Ukraine Conflict: Julia and her son David take shelter in Romania

Julia and her son David fled Ukraine to Romania.
E hënë, March 14, 2022

At 6.55am in a flat in suburban Kyiv, Julia shakes son David awake. They must be on the road by 7am. This way, she figures, there will be little time for messy explanations about their departure, no time for “hysterics".

Julia does not want to leave Ukraine, but the bombs have been falling too close their home for five days now. The time has come, she decides.

In the swirl of decisions about what to take, Julia packed a large folder of family photos – a thick handful of black-and-white snaps of Soviet-era school camps, family picnics and winter holidays.

“We didn’t have much time to pack. But I knew I had to take the photos. It might be all I have left,” she said.

Julia holds the image of her with her husband Leonid.

Among them is a picture of her with husband Leonid, a colour, studio portrait of two 20-somethings very much in love. Apart from the fact adult males must stay behind in Ukraine, Leonid is suffering from chronic kidney failure and cannot contemplate be away from daily dialysis.

With the help of a local church, Julia, 44, and David, eight, boarded a small bus with around 25 people headed for the southern Ukraine city of Chernivtsi.

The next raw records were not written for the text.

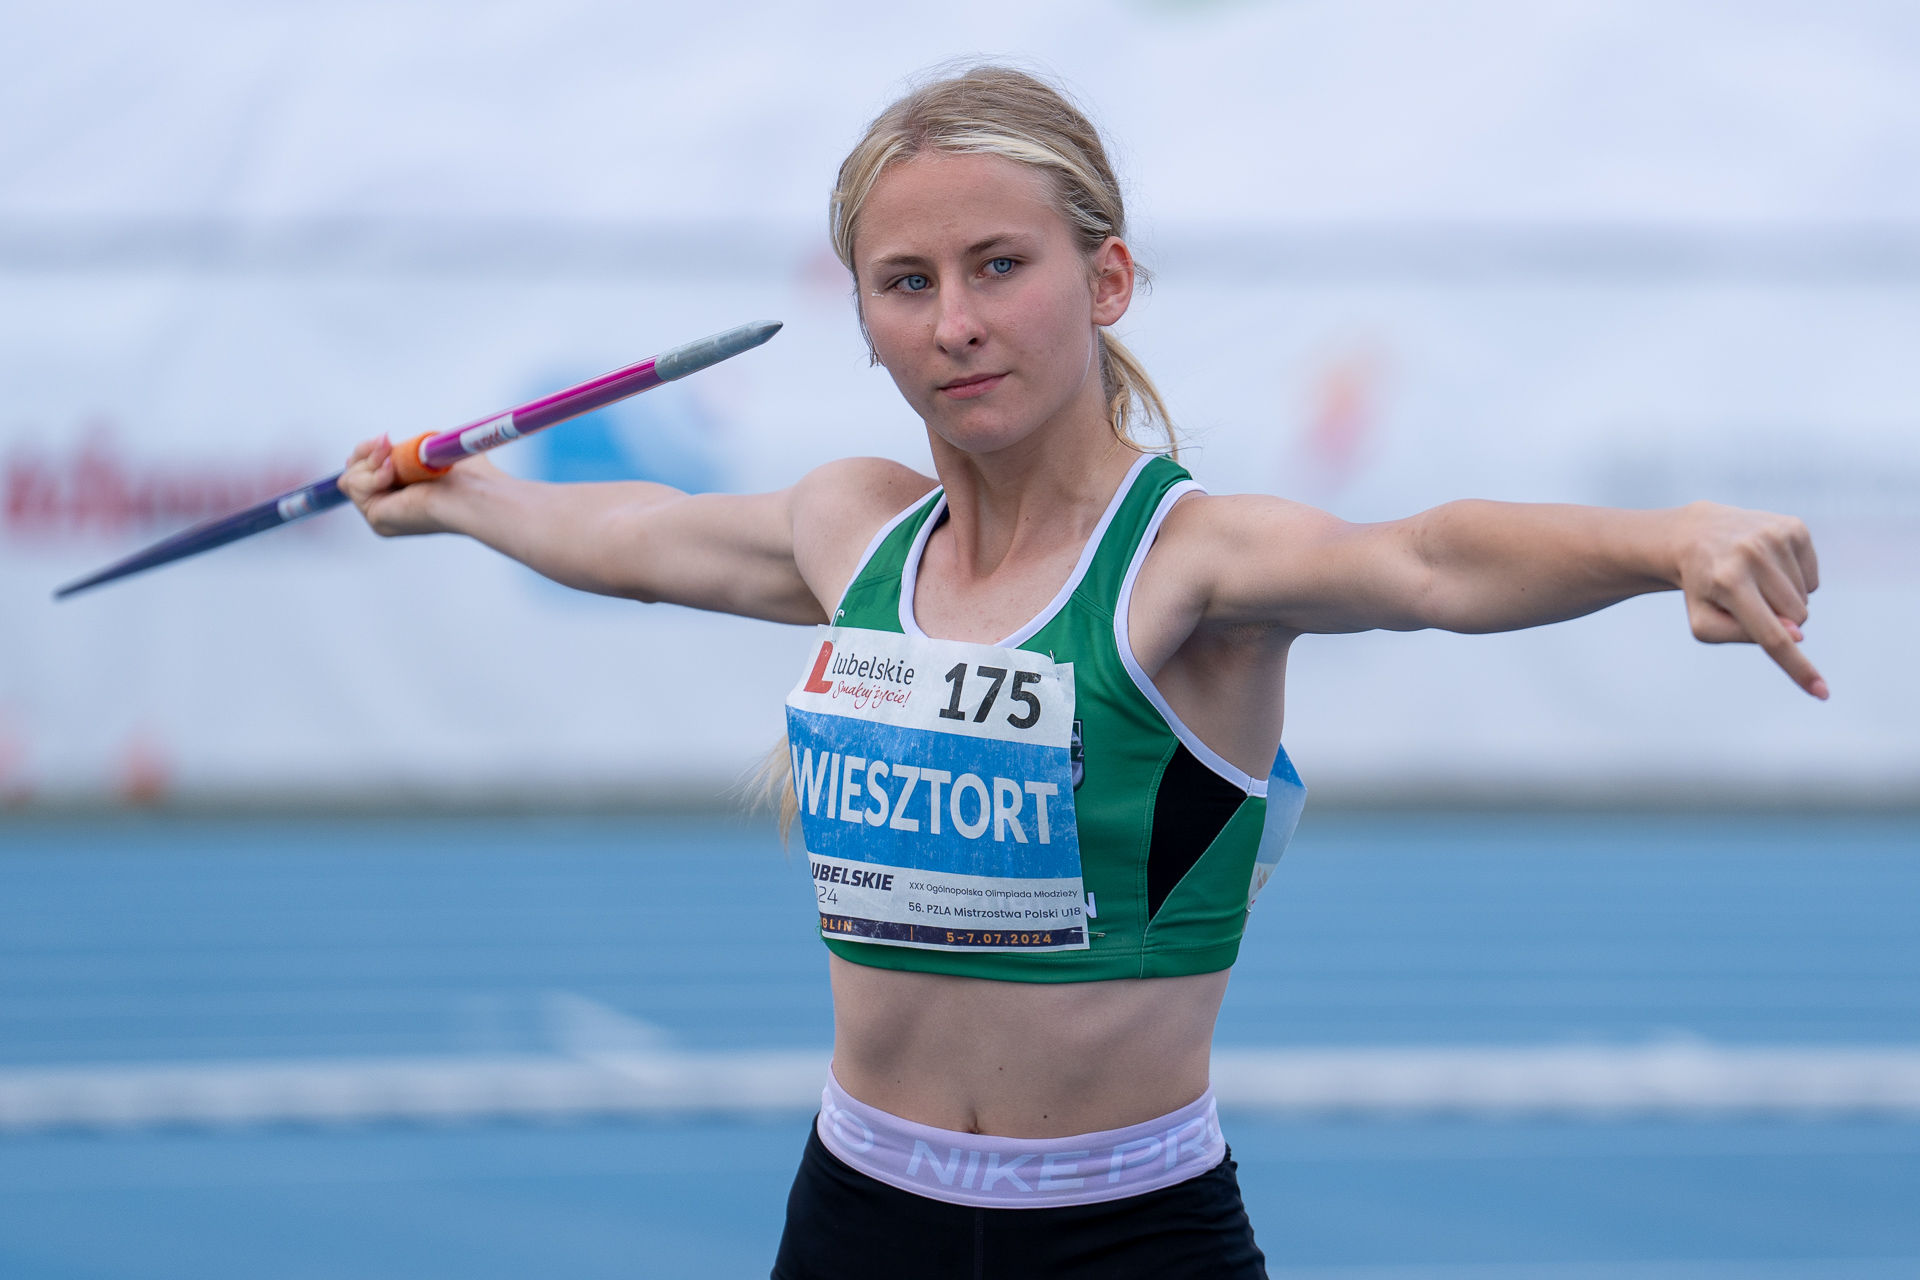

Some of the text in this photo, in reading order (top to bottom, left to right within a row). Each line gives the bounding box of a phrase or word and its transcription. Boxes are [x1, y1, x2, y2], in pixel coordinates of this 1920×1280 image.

[832, 652, 915, 685] lubelskie
[832, 680, 876, 709] Smakuj
[939, 662, 1042, 729] 175
[792, 744, 1059, 845] WIESZTORT
[909, 881, 1078, 900] XXX Ogólnopolska Olimpiada Młodzieży
[908, 902, 1081, 919] 56. PZLA Mistrzostwa Polski U18
[946, 931, 1052, 945] 5-7.07.2024
[905, 1140, 1089, 1192] NIKE
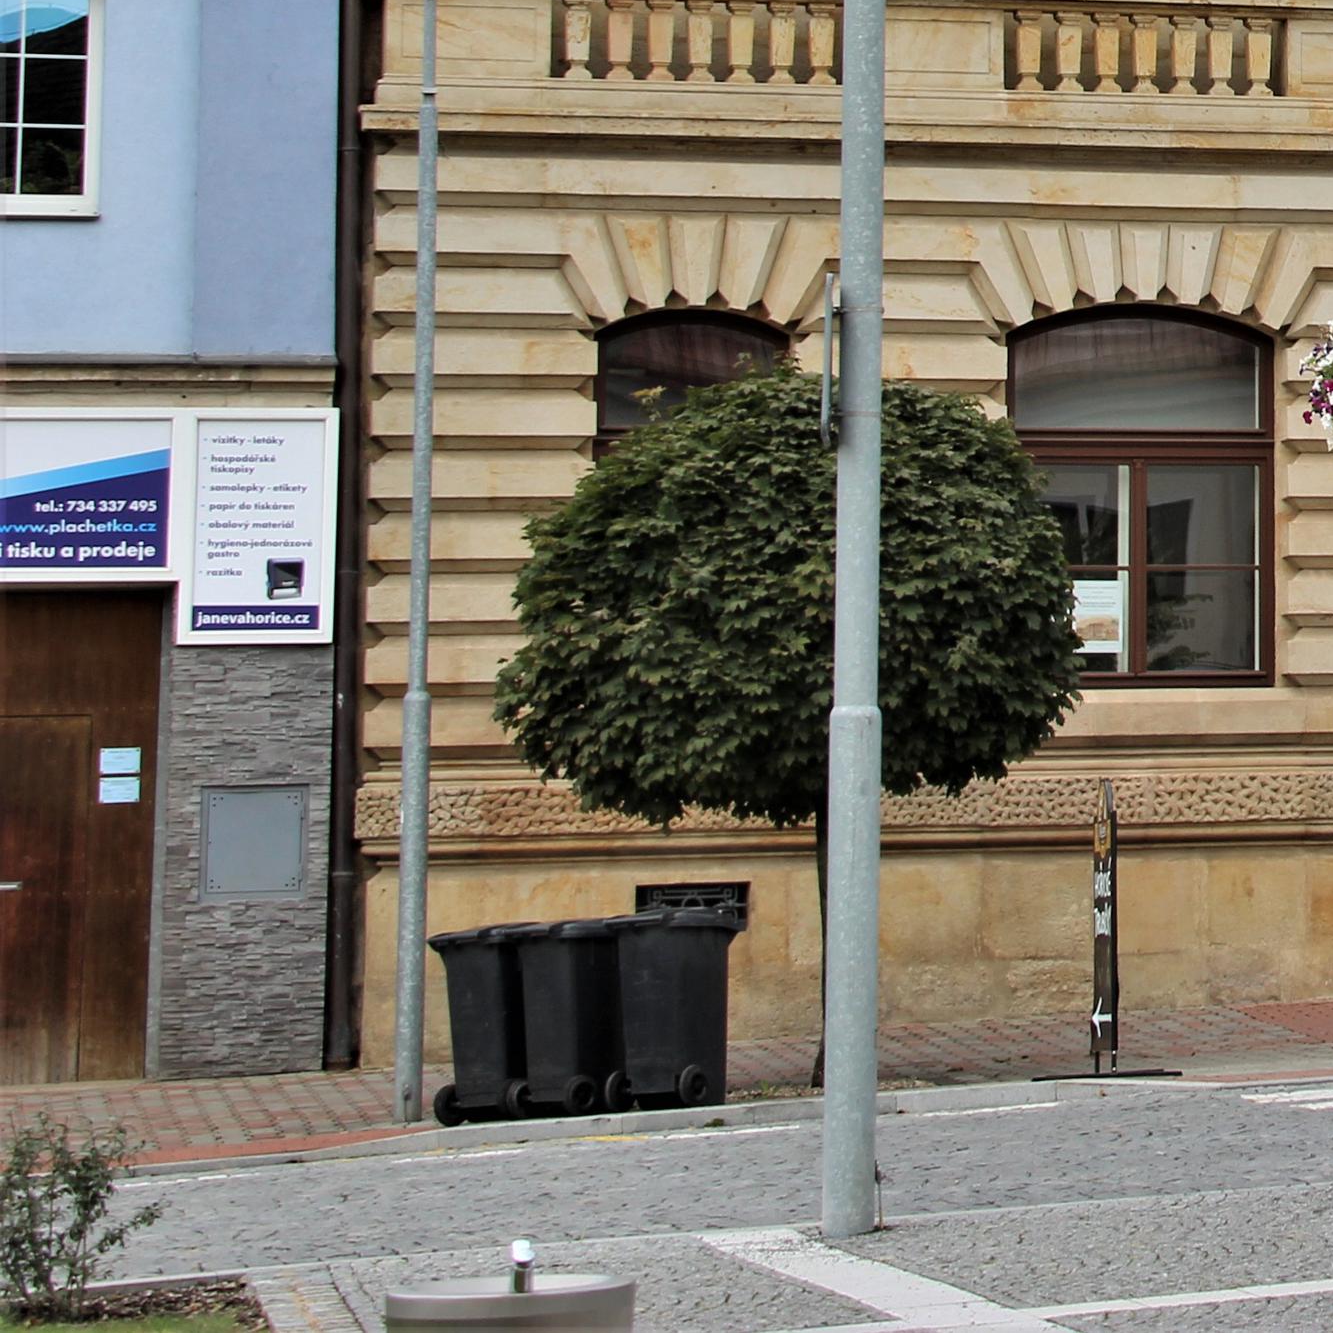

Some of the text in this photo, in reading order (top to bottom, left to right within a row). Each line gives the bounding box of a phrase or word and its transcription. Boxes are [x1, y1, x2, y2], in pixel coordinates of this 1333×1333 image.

[210, 465, 255, 475] tiskopisy
[209, 483, 265, 494] samolepky
[273, 484, 308, 494] etikety
[34, 500, 158, 513] tel.: 734 337 495
[238, 502, 252, 510] do
[0, 518, 157, 536] www.plachetka.cz
[208, 520, 295, 530] obalový materiál
[7, 541, 56, 559] tisku
[60, 545, 75, 558] a
[78, 540, 157, 562] prodeje
[207, 550, 241, 560] gastro
[195, 611, 310, 628] janevahorice.cz
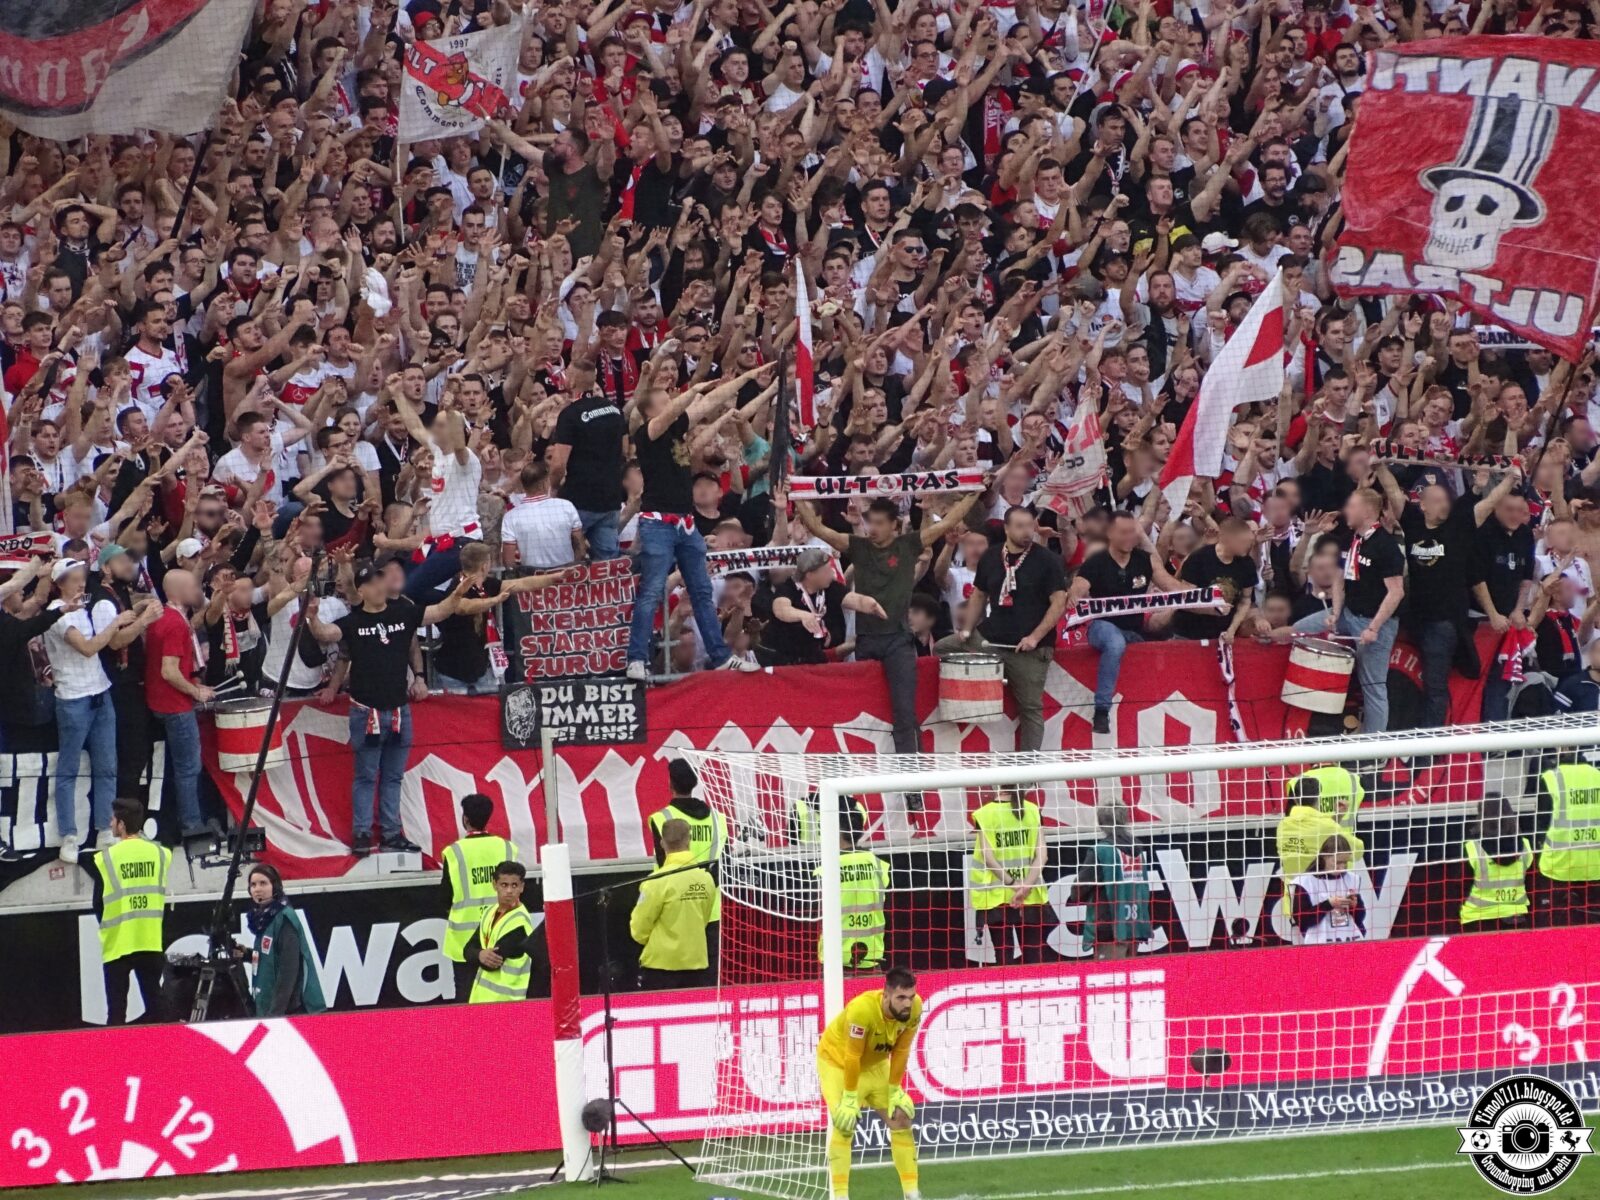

With every spare room in the city taken up by other families from Ukraine fleeing the frontlines, Julia decided to keep moving south across the Romanian border.

The photographs Julia took with her when she fled Ukraine.

At Bucharest’s railway station, a policewoman spied a dazed-looking Julia wandering around the station in tears, and arranged for her to go to a women’s refuge in the inner suburbs of Bucharest which has given over 40 of its 100 rooms to Ukraine refugees, and which is being supported by World Vision.

“I just can’t believe how generous people have been. It’s hard to understand why people want to help us … I find it so hard to receive help,” she says.

Like so many who have fled Ukraine, Julia is happy, in the first instance, to be safe. David is happy enough, playing with a new-found Romanian friend in the shelter and whiling away his time on Roblox and YouTube. But thoughts of the future are never far away.

David spends time on his tablet after fleeing to Romania.

“I never planned to come to Romania, but here I am – kind of a homeless person. We have a roof over our head, we have a shower, we have food, but I have no idea how long I will be here, or how long I can be here, if or when we can ever return to Ukraine.”

And yet amid it all, the trauma, upheaval and the weight of uncertainty, Julia can still muster gratitude.

“You know, I think for me some day, my war will be over. But my heart goes out to these women (victims of domestic violence) – their war just goes on.”

By Mike Bruce, who is in Romania working with World Vision’s response to the Ukraine refugee crisis.